═════ DATASET CONTENT

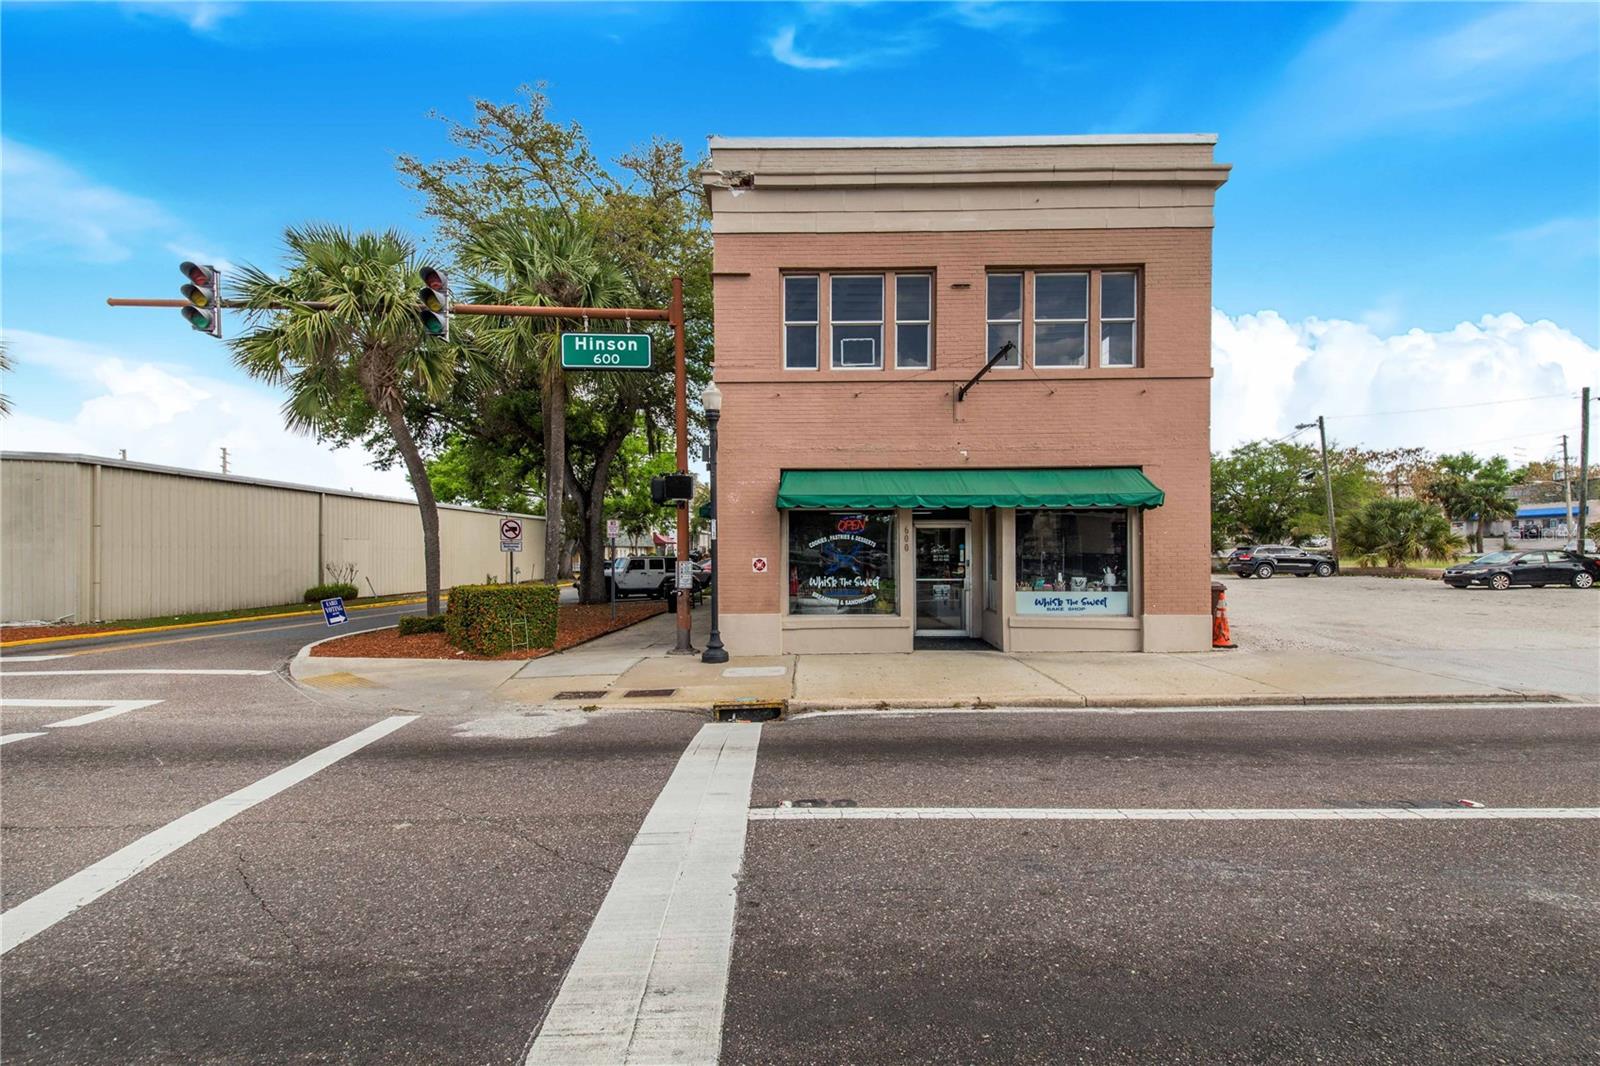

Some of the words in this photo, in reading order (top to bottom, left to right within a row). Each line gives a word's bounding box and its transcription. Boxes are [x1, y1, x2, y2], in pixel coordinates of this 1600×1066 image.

[575, 337, 637, 351] Hinson
[593, 354, 620, 364] 600
[838, 519, 865, 531] OPEN
[839, 577, 852, 587] The
[1065, 598, 1079, 606] The
[325, 605, 343, 614] VOTING

══════════

Word for word, repeat the material above and drop the pictures.

=== ANSWER TO THIS PROBLEM ===
Some of the words in this photo, in reading order (top to bottom, left to right within a row). Each line gives a word's bounding box and its transcription. Boxes are [x1, y1, x2, y2], in pixel coordinates of this 1600×1066 image.

[575, 337, 637, 351] Hinson
[593, 354, 620, 364] 600
[838, 519, 865, 531] OPEN
[839, 577, 852, 587] The
[1065, 598, 1079, 606] The
[325, 605, 343, 614] VOTING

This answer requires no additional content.